The Cleggs’ only daughter, Kathleen, inherited Wormington Grange in 1933. She was married to ‘Pug’ Ismay, a career army officer (who was appointed a general in 1944 and made 1st Baron Ismay in 1947). According to Mr Evetts, ‘they redecorated the house with a fashionable London decorator, but made no major alterations until after the war’, when they had to adapt the house for life with fewer servants. The architect A.S.G. Butler reduced the historic servants’ quarters, and divided the house into two, with a part made over to one of their daughters, Mr Evetts’s mother.

Furnishing with fun

The house was returned to a single dwelling by the current owner, John Evetts, grandson of Lord and Lady Ismay.
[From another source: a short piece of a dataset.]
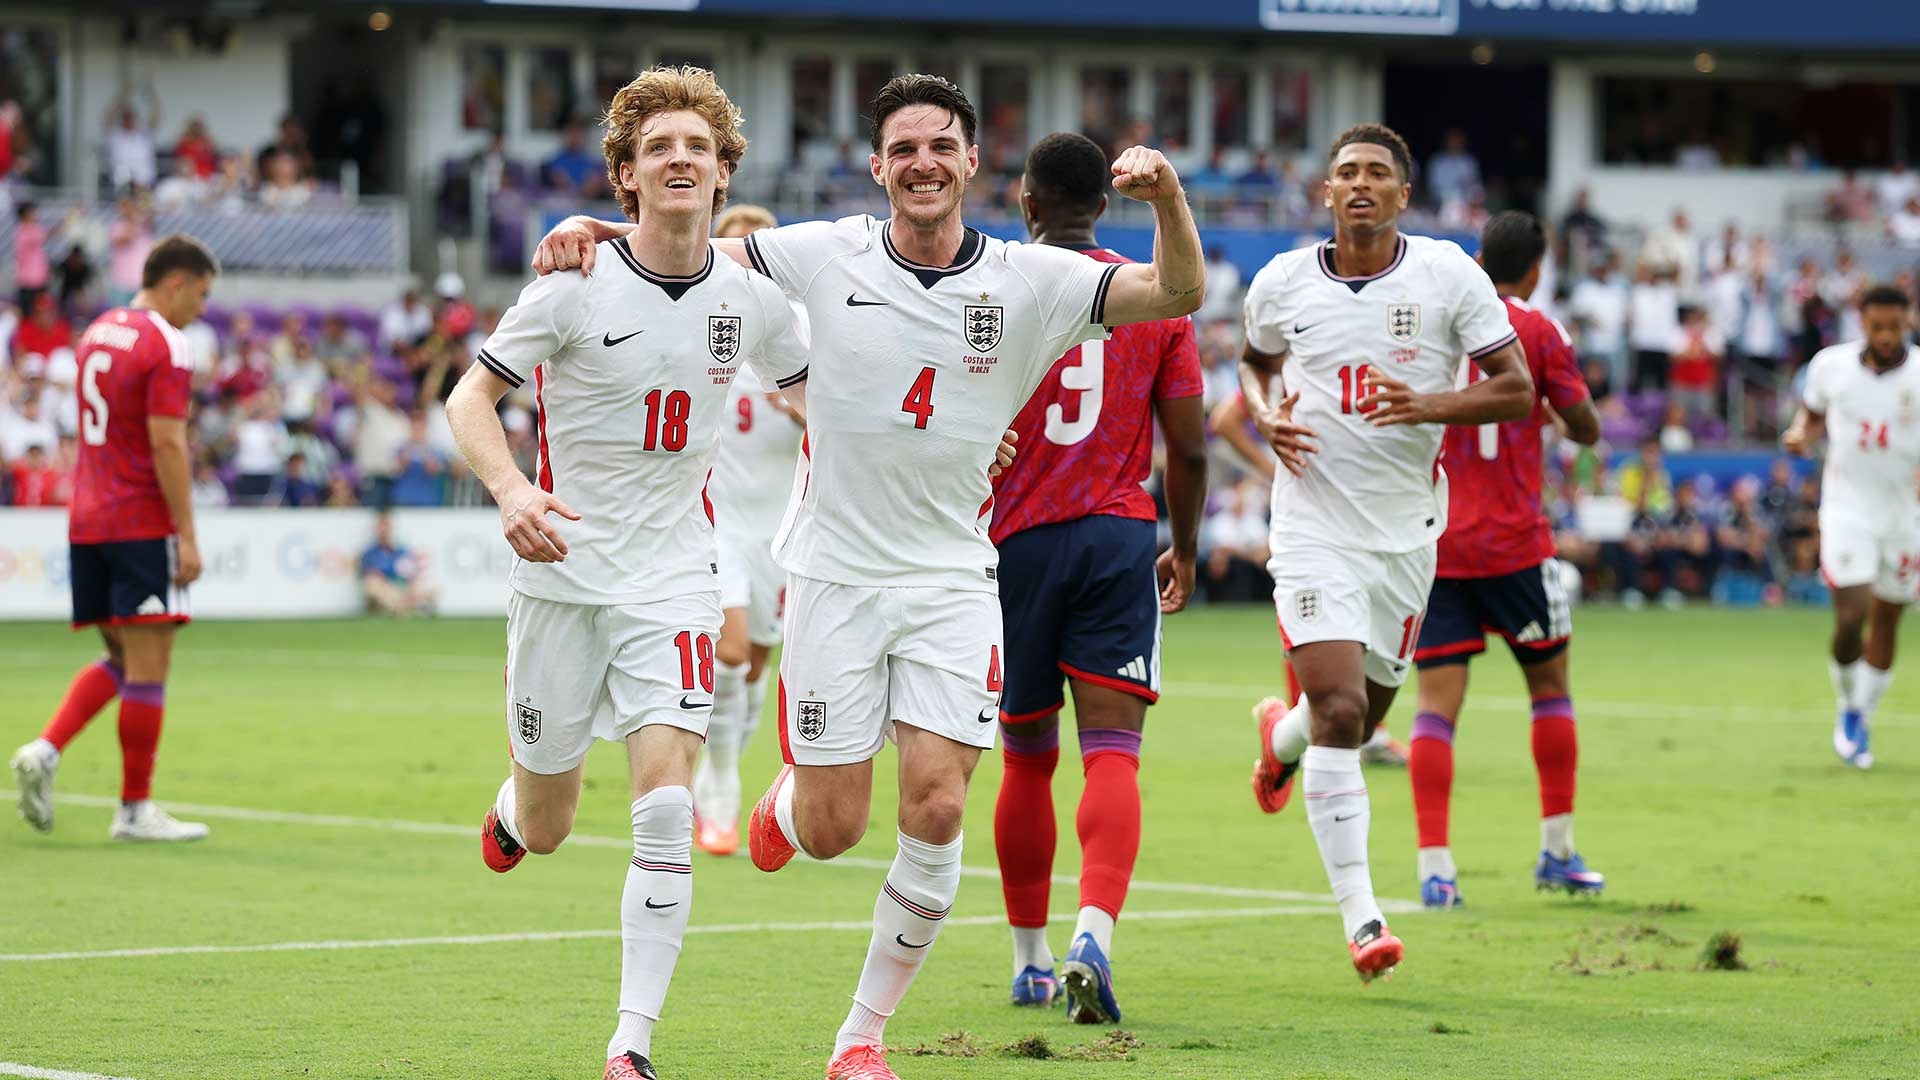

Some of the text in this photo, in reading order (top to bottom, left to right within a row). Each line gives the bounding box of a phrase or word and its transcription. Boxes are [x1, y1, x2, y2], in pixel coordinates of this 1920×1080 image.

He inherited only a few items of furniture: ‘it would have been delightful to have inherited a fully furnished house but in truth I have had a lot of fun buying things which I like over the past forty years.’ He moved into one half of the house in the 1970s, and then in the 1980s took over the half which his parents had occupied. He adds: ‘one of the principles I have always maintained for here, and for the Landmark Trust, is that everything must have a use and that you must live in all the principal rooms and use them: elegant but also comfortable.’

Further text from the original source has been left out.